The photographs above show a general view of our tree and a closeup of a portion of the tree. We have small lights of various colors on the tree. Note the red, green, and blue lights adjacent to one another in the center of the photograph.
If you have recently watched any television or looked at any printed material pertaining to Christmas, you will have seen effects similar to the one in the next photograph. This is a picture of our tree in which I purposely defocused the camera. All detail of the tree is gone, and each light appears as a big circle of color.

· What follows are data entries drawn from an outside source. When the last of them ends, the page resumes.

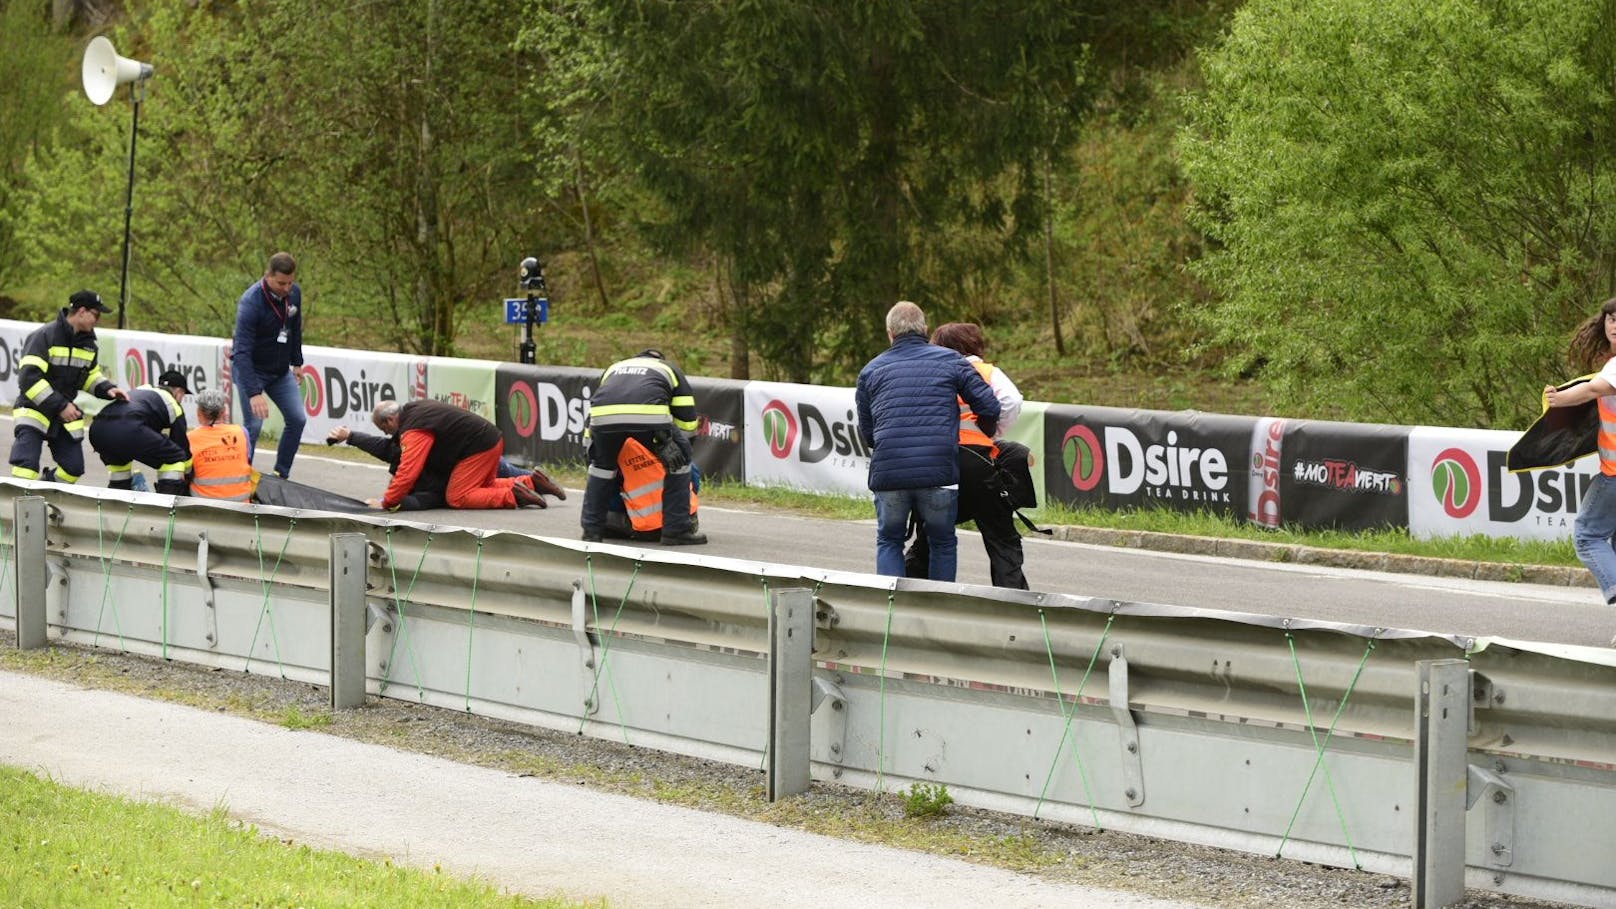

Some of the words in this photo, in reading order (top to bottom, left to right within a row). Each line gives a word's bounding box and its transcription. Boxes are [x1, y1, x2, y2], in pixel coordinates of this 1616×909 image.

[1104, 426, 1228, 495] Dsire
[1146, 486, 1173, 499] TEA
[1182, 490, 1231, 503] DRINK
[1536, 515, 1568, 527] TEA
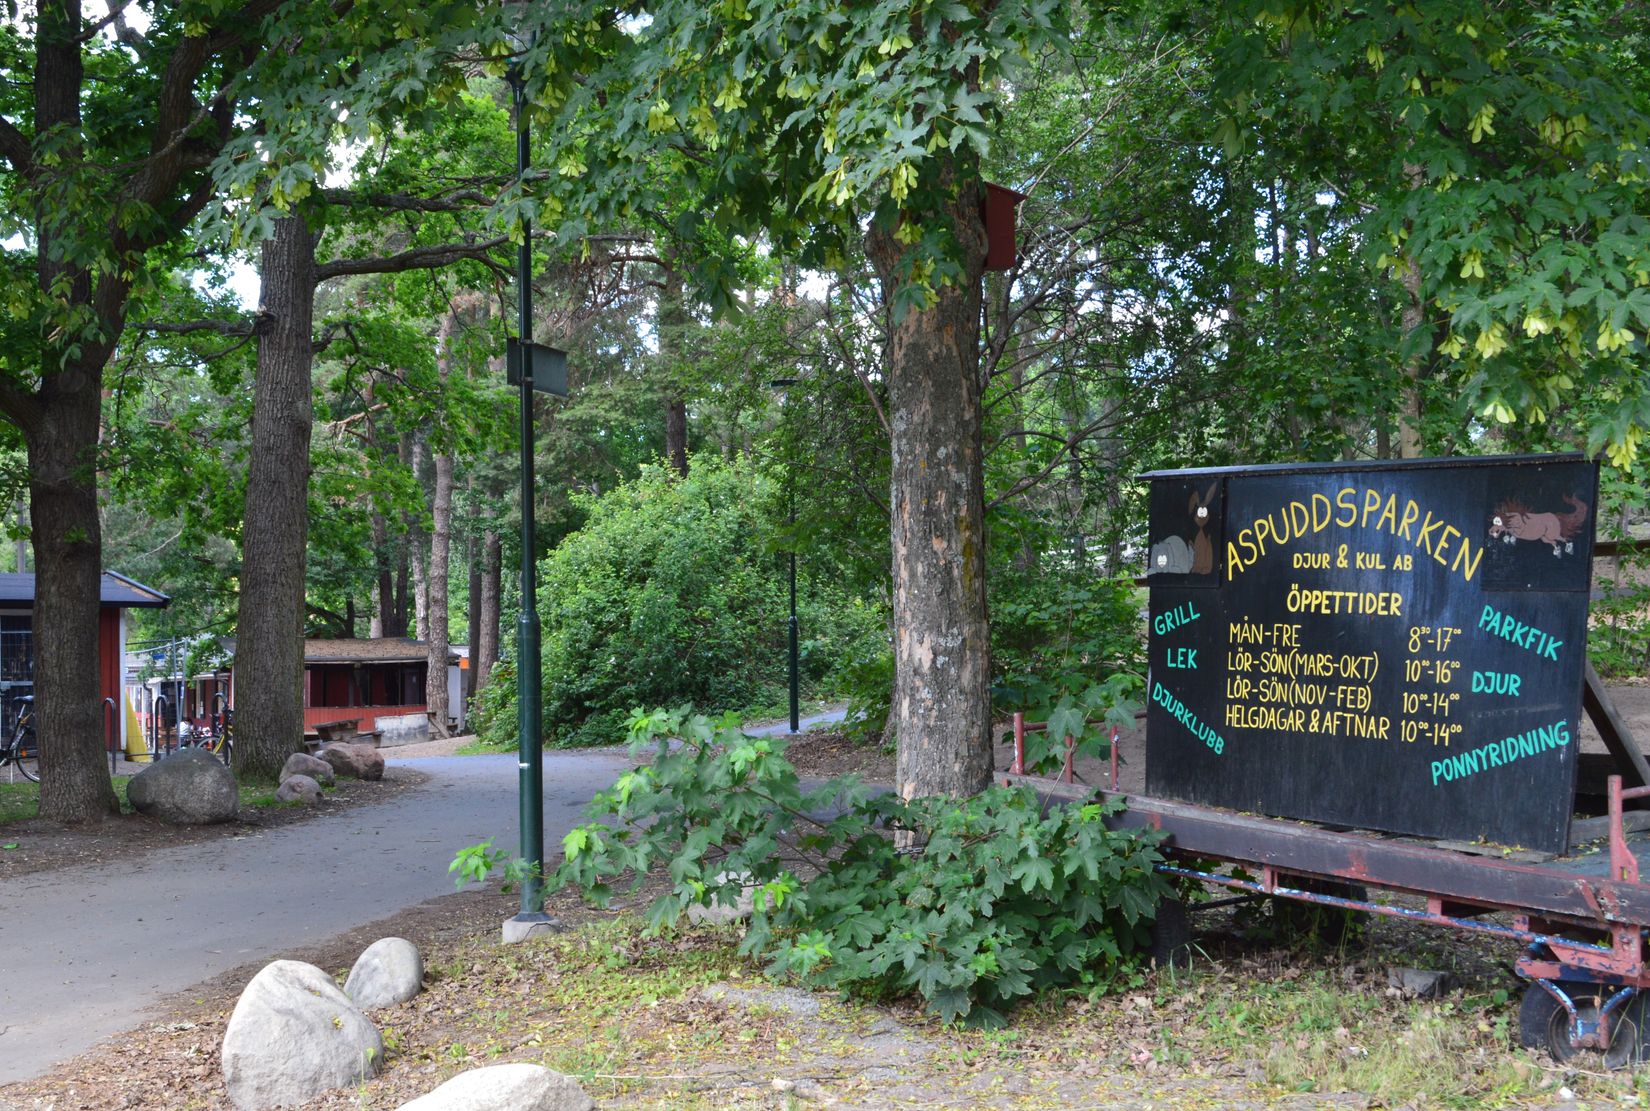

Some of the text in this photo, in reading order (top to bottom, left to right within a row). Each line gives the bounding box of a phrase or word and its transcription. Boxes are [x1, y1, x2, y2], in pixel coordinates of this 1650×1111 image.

[1227, 487, 1484, 582] ASPUDDSPARKEN
[1293, 543, 1413, 571] DJUR & KUL AB
[1286, 583, 1403, 616] ÖPPETTIDER
[1154, 601, 1201, 636] GRILL
[1229, 616, 1302, 648] MÅN-FRE
[1478, 604, 1564, 661] PARKFIK
[1167, 647, 1198, 670] LEK
[1471, 671, 1522, 697] DJUR
[1152, 681, 1225, 756] DJURKLUBB
[1225, 704, 1306, 733] HELGDAGAR
[1308, 708, 1321, 733] &
[1321, 711, 1391, 740] AFTNAR
[1431, 720, 1570, 786] PONNYRIDNING

The last photograph shows a portion of an out-of-focus image of a red, a green, and a blue light that are adjacent to one another on our tree (as in the first photograph above). Red, blue, and green are so-called primary colors. By combining these three colors in various combinations and intensities, virtually any other color visible to humans can be produced. This works because the cone cells of the human eye detect light with three pigments that have absorption maxima in the red, green, and blue areas of the electromagnetic spectrum. Your brain “manufactures” other colors by measuring the relative amount of light absorbed by the three pigments.

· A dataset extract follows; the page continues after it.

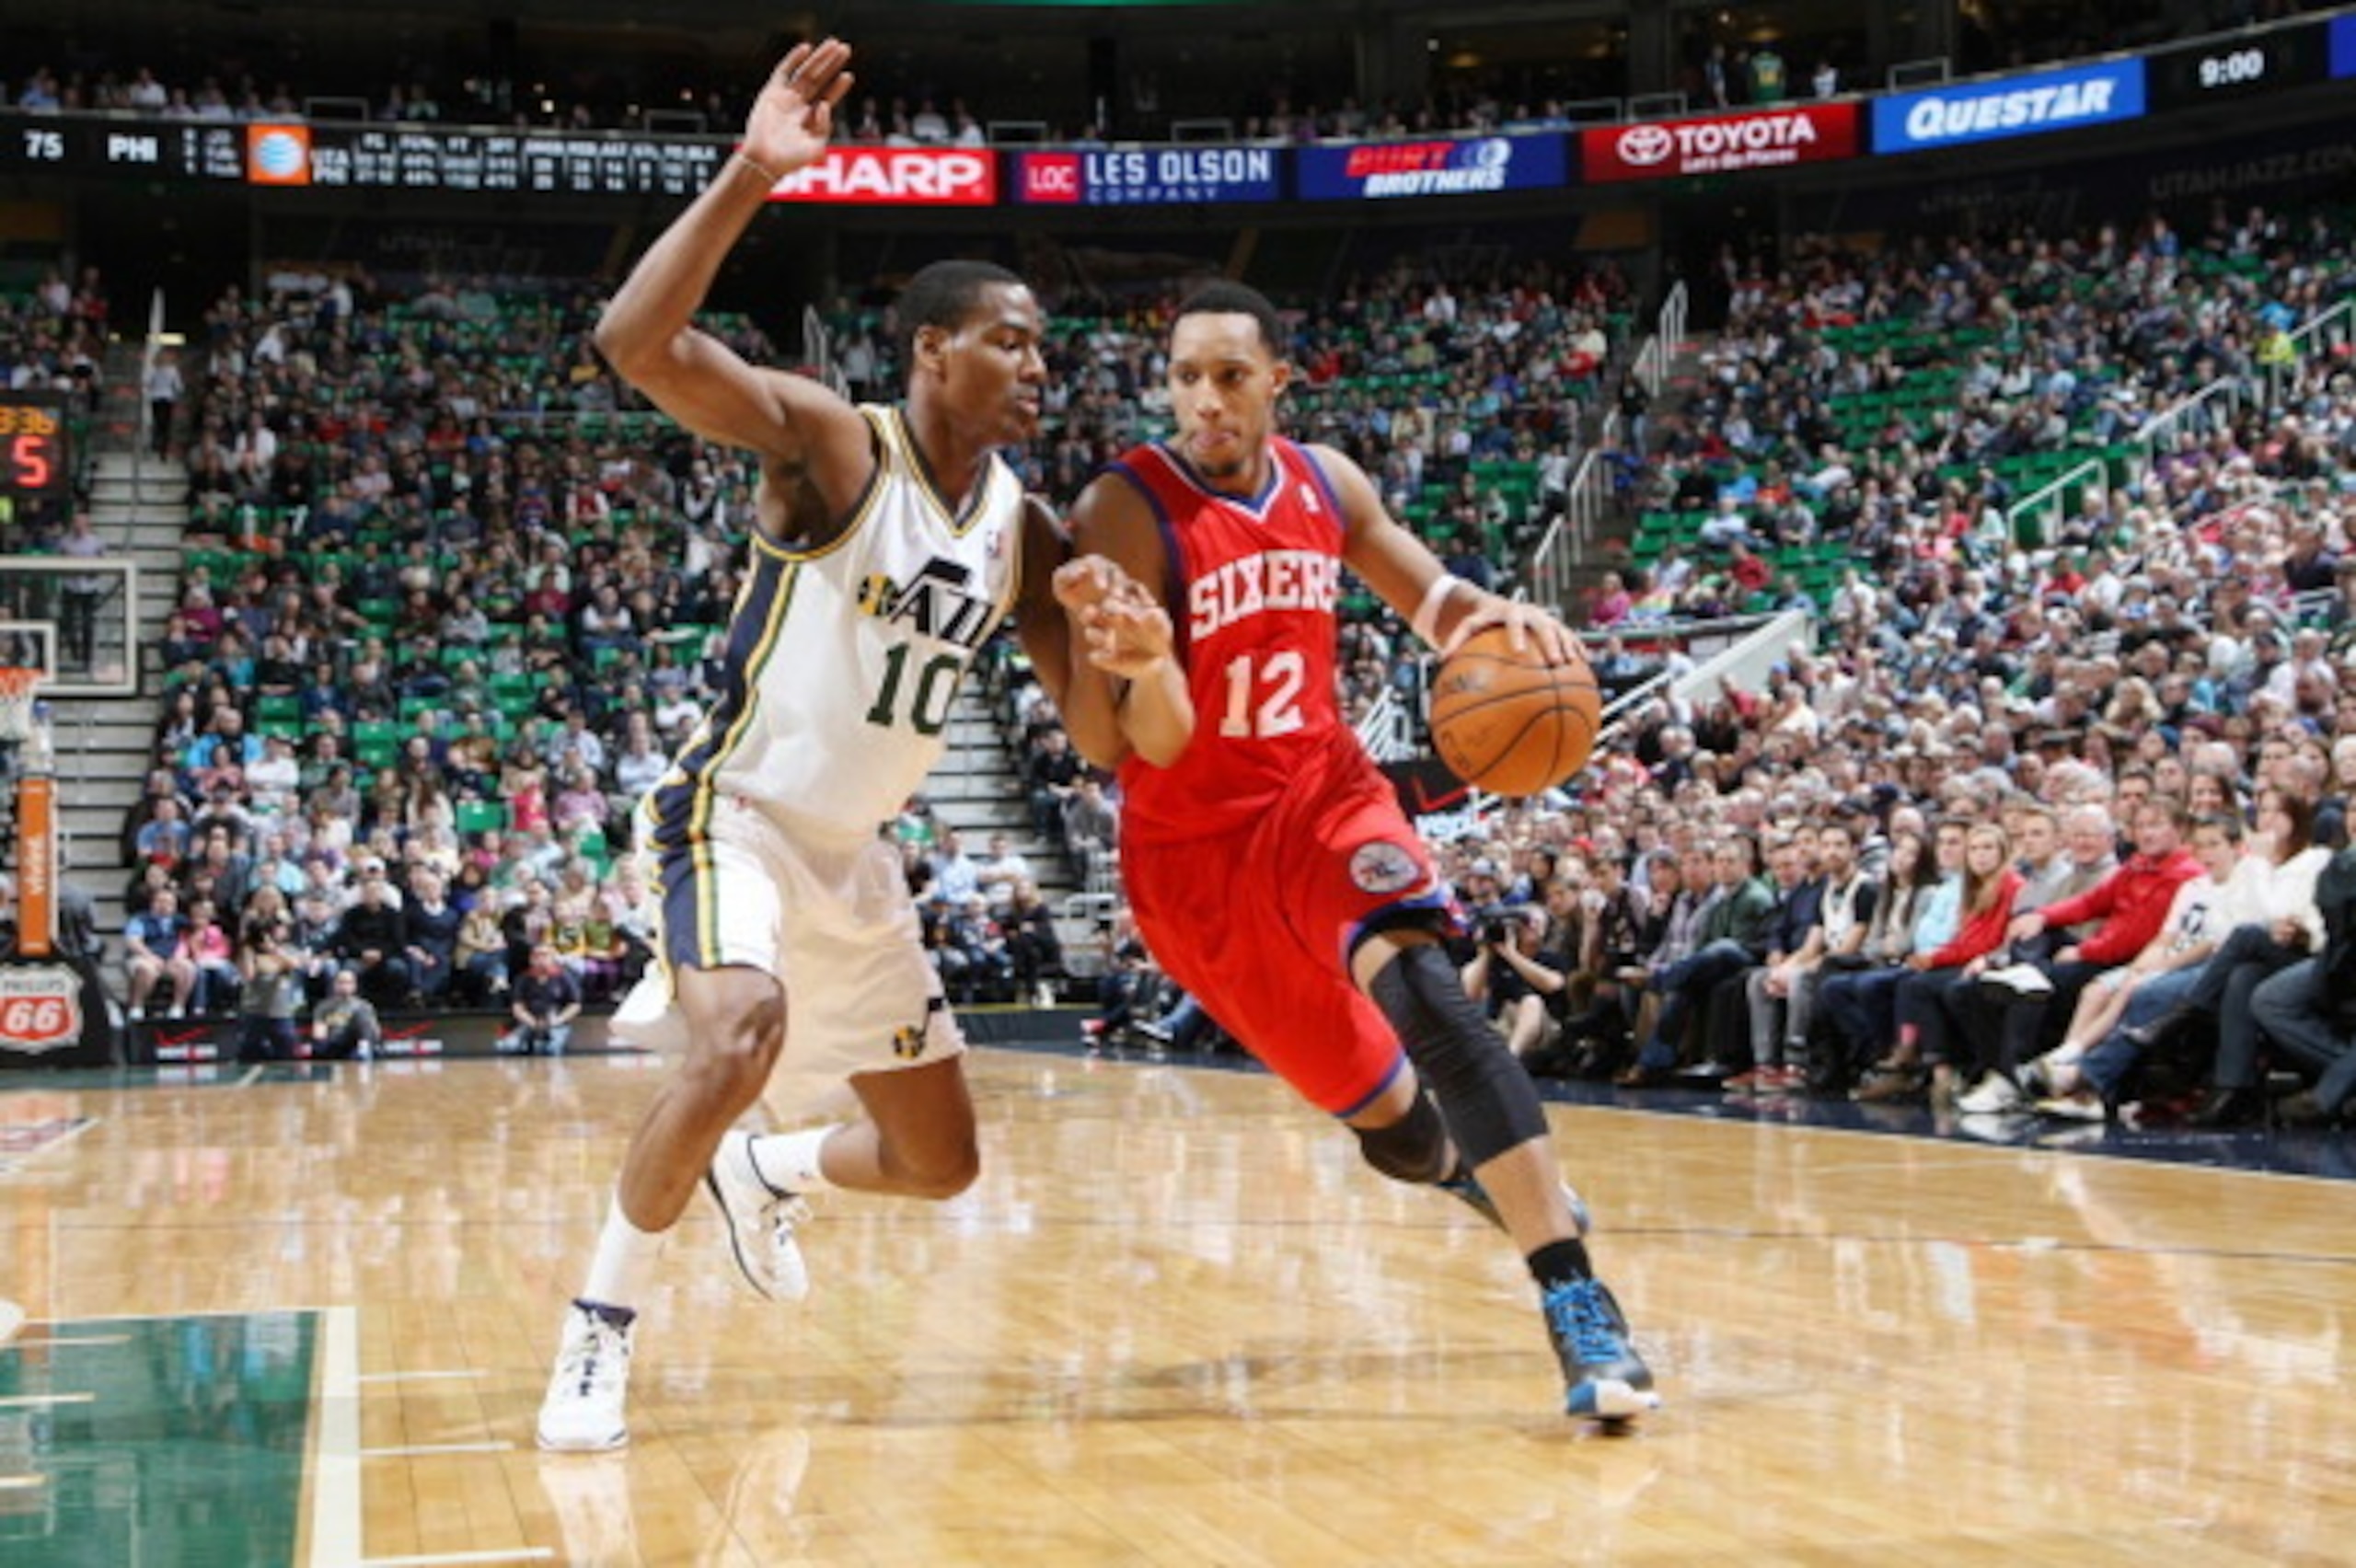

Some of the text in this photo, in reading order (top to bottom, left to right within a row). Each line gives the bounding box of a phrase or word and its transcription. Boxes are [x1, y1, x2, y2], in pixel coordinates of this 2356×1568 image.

The lights on our tree cannot be said to be perfect sources of the three primary colors, but they are close enough to illustrate the point. In this image, yellow is produced where the red and green lights overlap. Purple is produced where the red and blue lights overlap, and cyan results from overlap of blue and green. If all three primary colors overlap, white results. The roughly triangular shape in the middle of the photograph shows this effect.
If you take a close look at a white area on your television or computer monitor screen, you will see small adjacent blocks of red, green, and blue. Thus your screen can only produce varying intensities of the three primary colors. Your brain decodes these variations in intensity and interprets them as a vast gamut of colors.